- 1ERRSO, Institut de Recherche Biomédicale des Armées (IRBA), Toulon, France
- 2Center for Cardiovascular and Nutrition Research (C2VN), Aix-Marseille Université, INSERM, INRA, Marseille, France
- 3AltraBio, Lyon, France
- 4Laboratoire Impact de l’Activité Physique sur la Santé, UFR STAPS, Université de Toulon, La Garde, France
Introduction: Adenosine is an ATP derivative that is strongly implicated in the cardiovascular adaptive response to exercise. In this study, we hypothesized that during exercise the hyperemia, commonly observed during exercise in air, was counteracted by the downregulation of the adenosinergic pathway during hyperoxic exposure.
Methods: Ten healthy volunteers performed two randomized sessions including gas exposure (Medical air or Oxygen) at rest and during exercise performed at 40% of maximal intensity, according to the individual fitness of the volunteers. Investigations included the measurement of adenosine plasma level (APL) and the recording of hemodynamic data [i.e., cardiac output (CO) and systemic vascular resistances (SVR) using pulsed Doppler and echocardiography].

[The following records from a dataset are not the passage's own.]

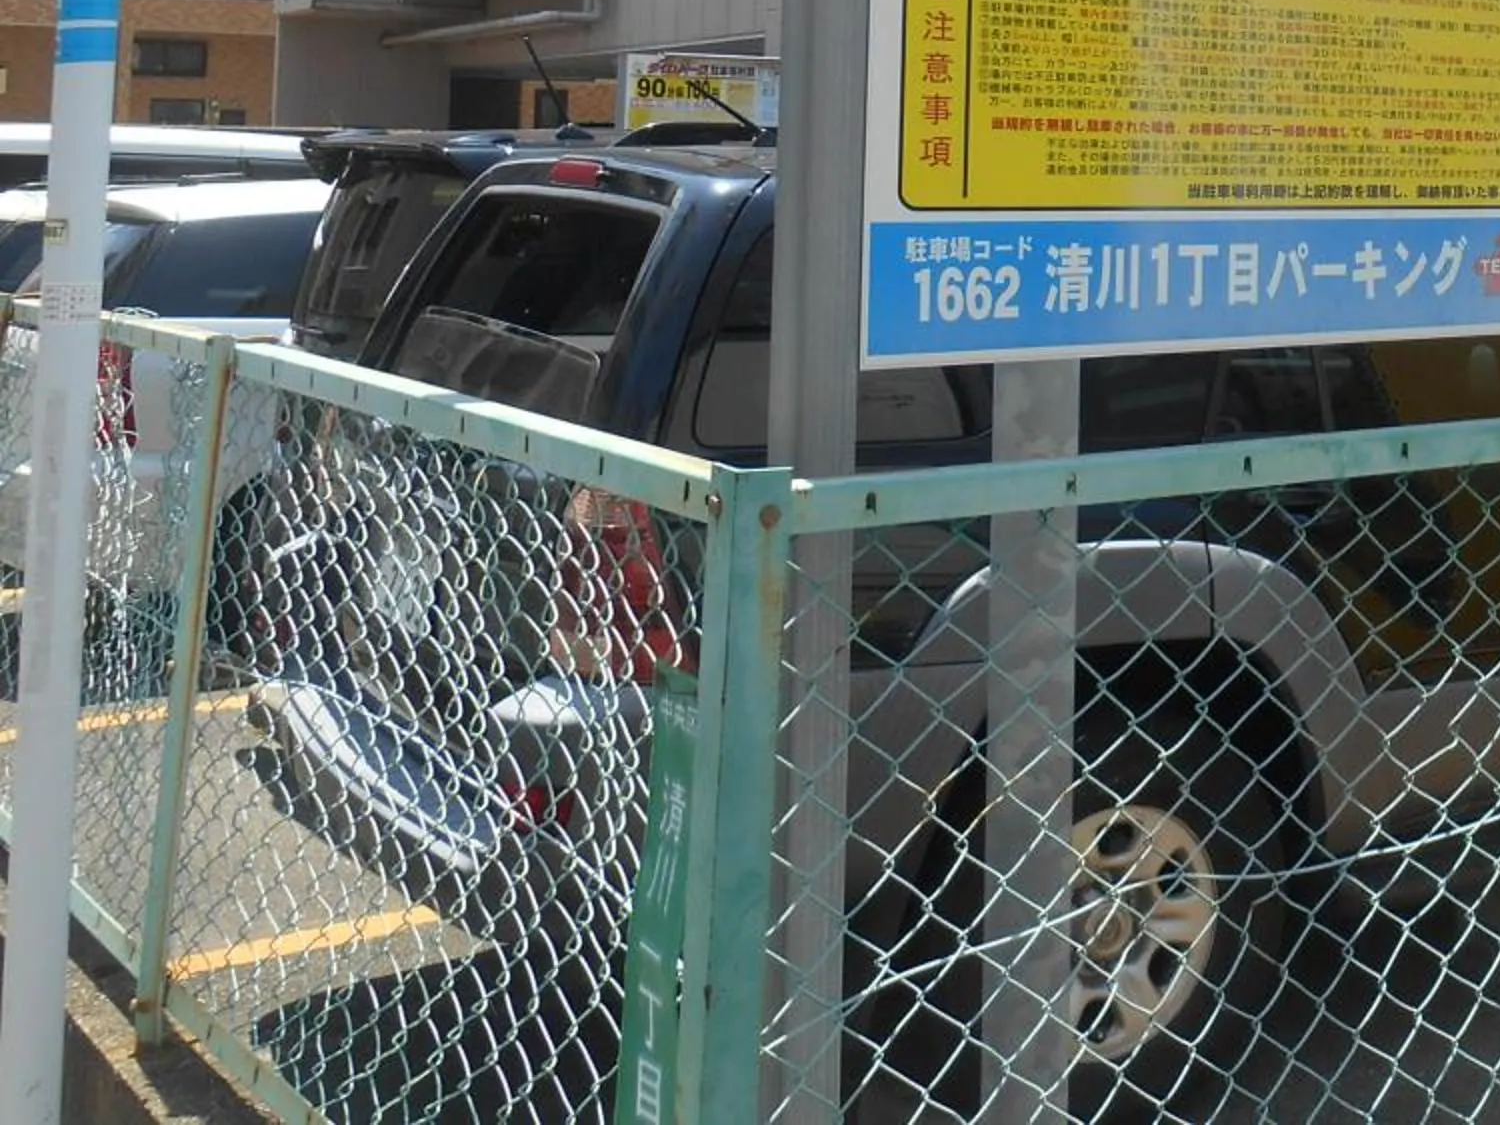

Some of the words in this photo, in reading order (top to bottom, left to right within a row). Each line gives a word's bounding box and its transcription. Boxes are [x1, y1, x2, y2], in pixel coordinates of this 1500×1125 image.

[905, 235, 1033, 263] 駐車場コード
[912, 265, 1021, 323] 1662
[1043, 234, 1467, 314] 清川1丁目パーキング
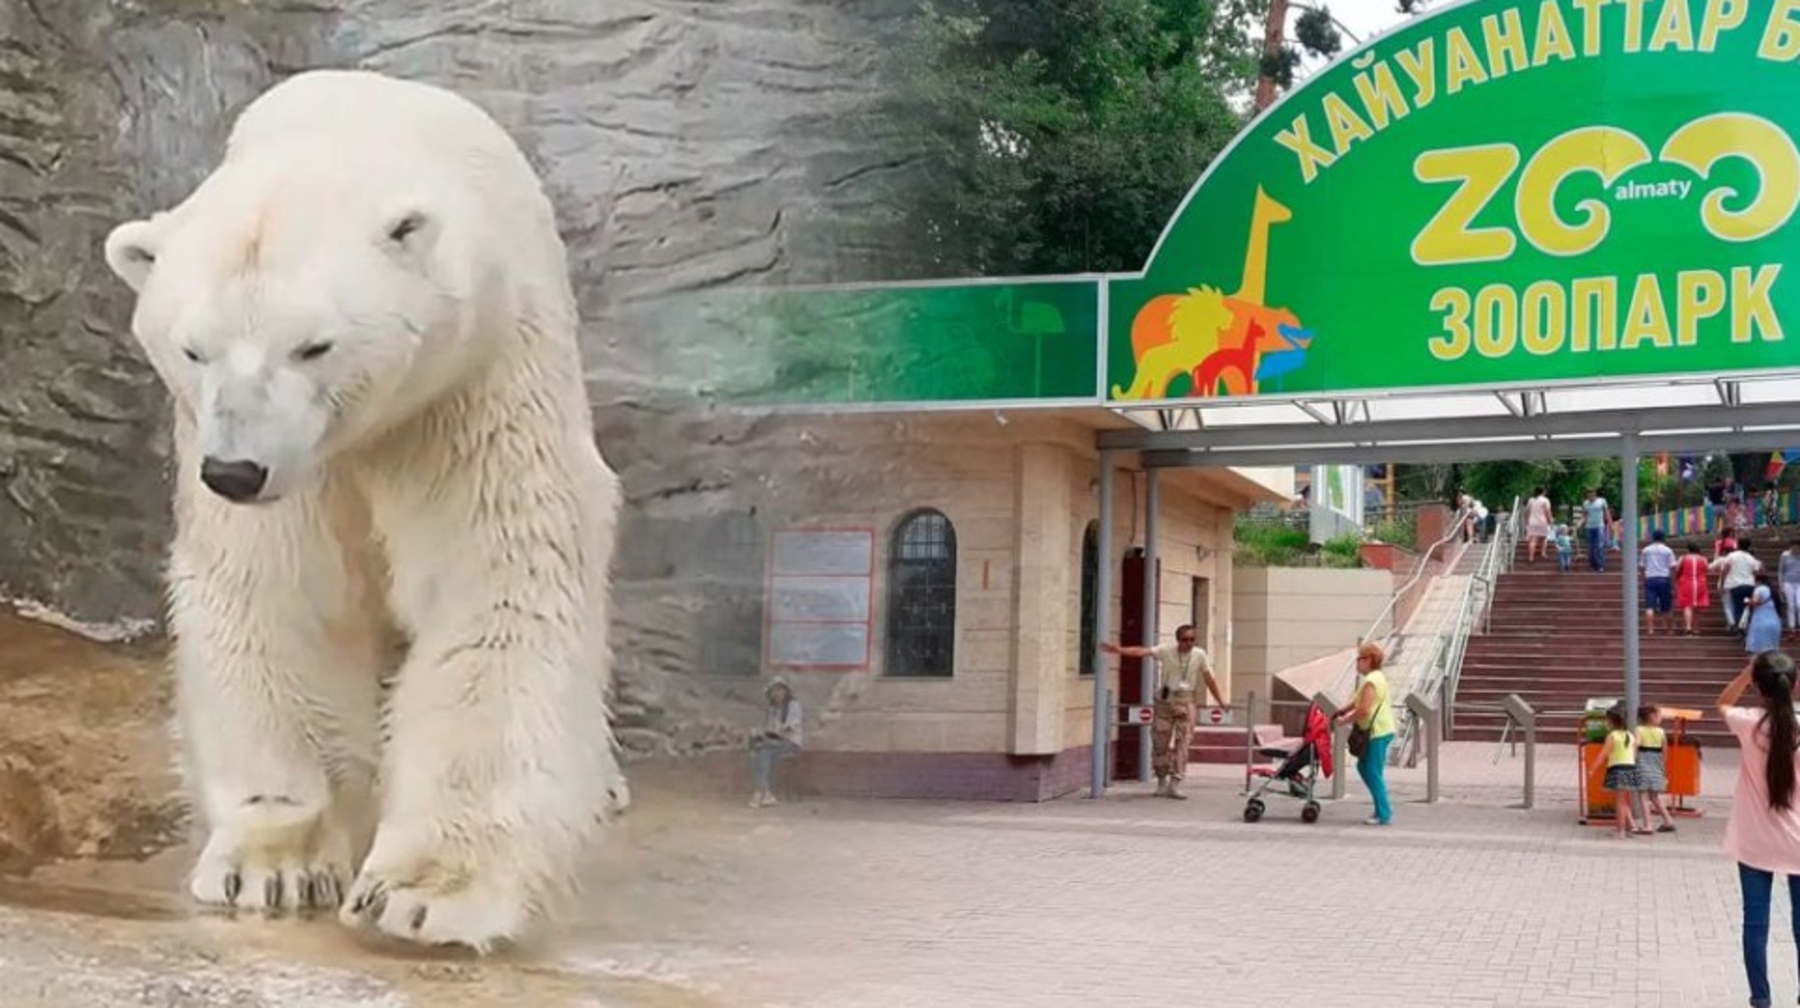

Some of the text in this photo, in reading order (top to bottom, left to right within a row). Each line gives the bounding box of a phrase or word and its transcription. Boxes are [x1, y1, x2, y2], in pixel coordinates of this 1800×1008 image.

[1273, 0, 1749, 184] ХАЙУАНАТТАР
[1410, 111, 1800, 266] ZOO
[1615, 179, 1692, 201] almaty
[1428, 263, 1785, 360] ЗООПАРК
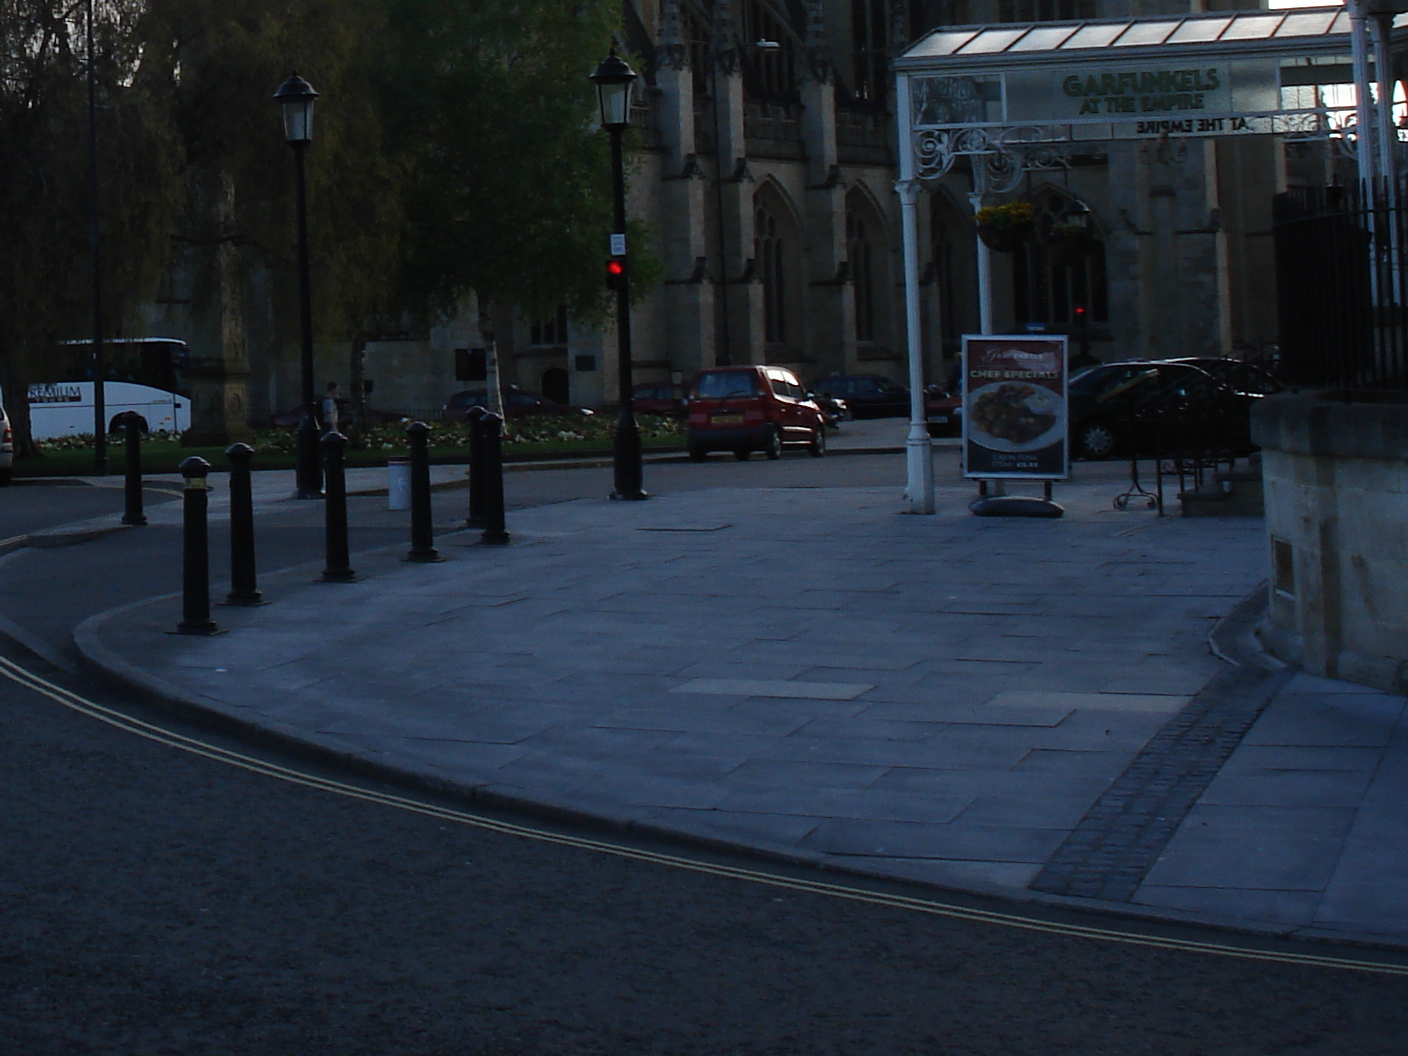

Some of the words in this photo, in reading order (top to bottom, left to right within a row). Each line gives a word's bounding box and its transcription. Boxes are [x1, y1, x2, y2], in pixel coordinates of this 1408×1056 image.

[1062, 68, 1220, 97] GARFUNKELS
[1079, 98, 1102, 115] AT
[1105, 96, 1136, 114] THE
[1140, 93, 1205, 112] EMPIRE
[969, 369, 1001, 379] CHEF
[1004, 370, 1059, 379] SPECIALS
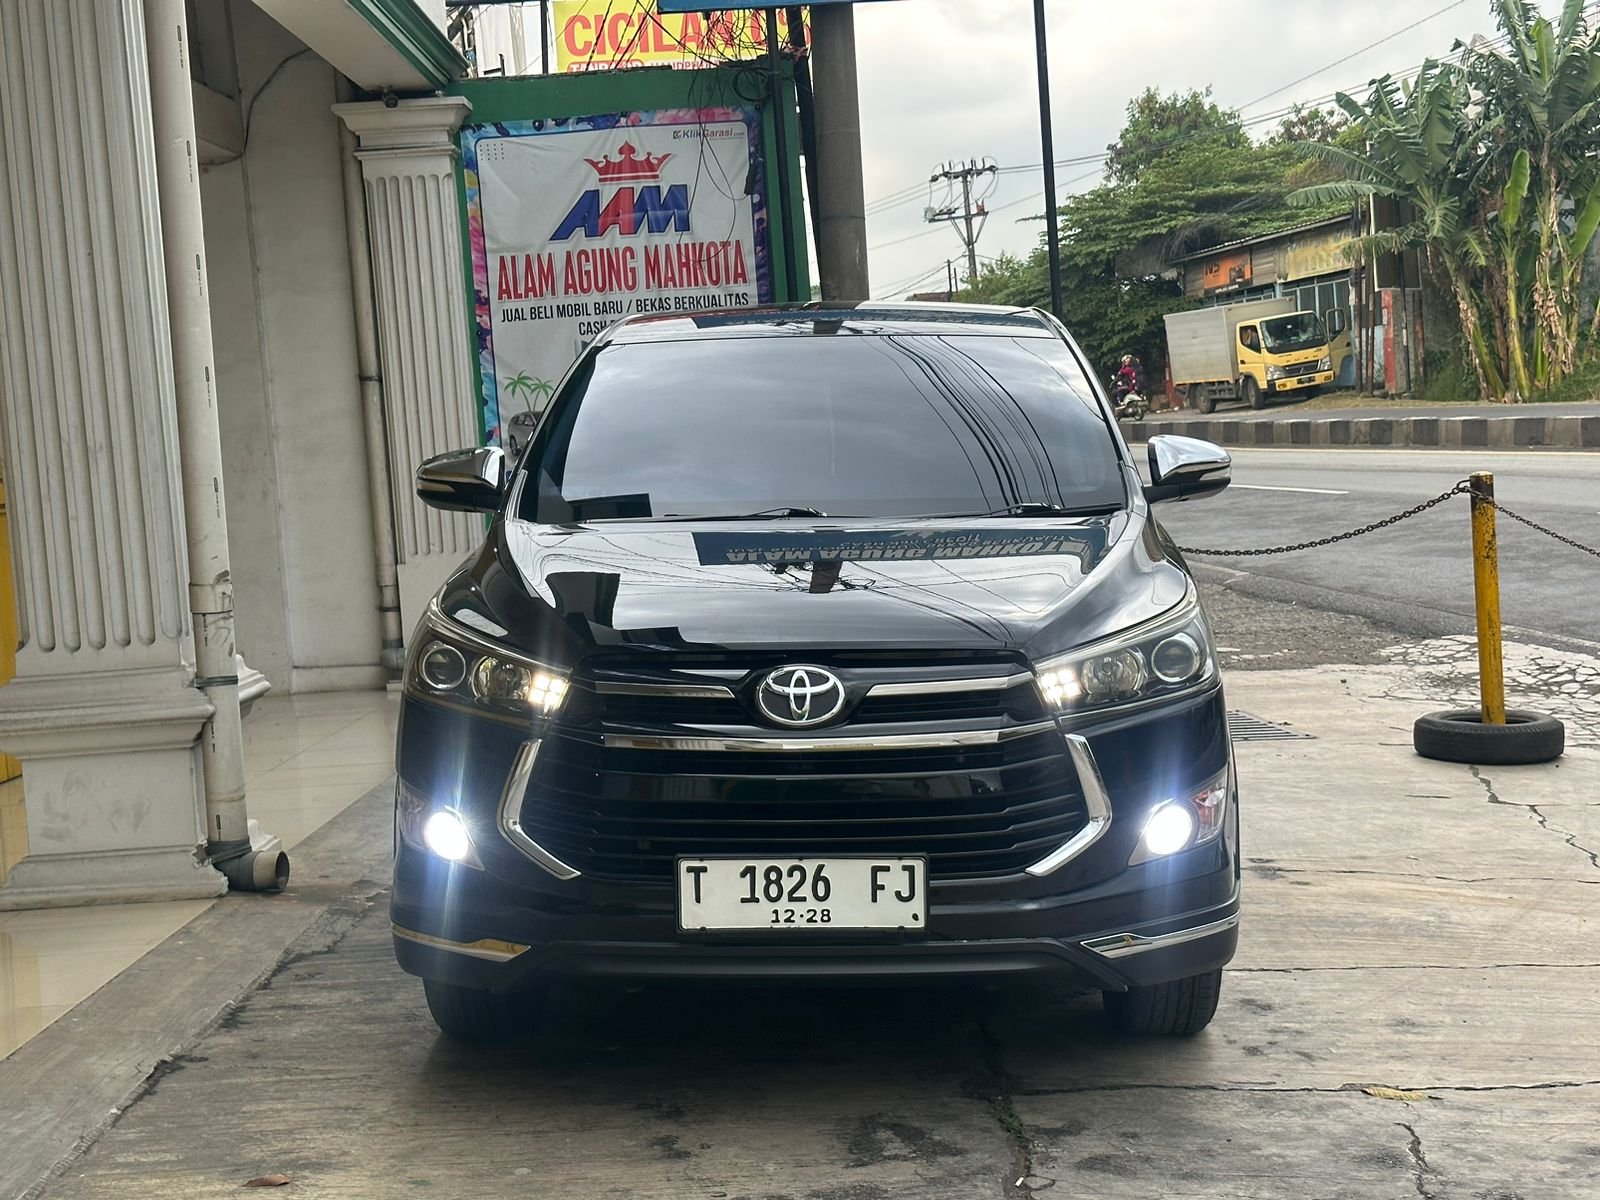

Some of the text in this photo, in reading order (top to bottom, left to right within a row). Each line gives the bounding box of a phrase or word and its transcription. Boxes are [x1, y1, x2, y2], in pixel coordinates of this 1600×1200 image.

Results: Hyperoxia significantly decreased APL (from 0.58 ± 0.06 to 0.21 ± 0.05 μmol L–1, p < 0.001) heart rate and CO and increased SVR in healthy volunteers at rest. During exercise, an increase in APL was recorded in the two sessions when compared with measurements at rest (+0.4 ± 0.4 vs. +0.3 ± 0.2 μmol L–1 for medical air and oxygen exposures, respectively). APL was lower during the exercise performed under hyperoxia when compared with medical air exposure (0.5 ± 0.06 vs. 1.03 ± 0.2 μmol L–1, respectively p < 0.001). This result could contribute to the hemodynamic differences between the two conditions, such as the increase in SVR and the decrease in both heart rate and CO when exercises were performed during oxygen exposure as compared to medical air.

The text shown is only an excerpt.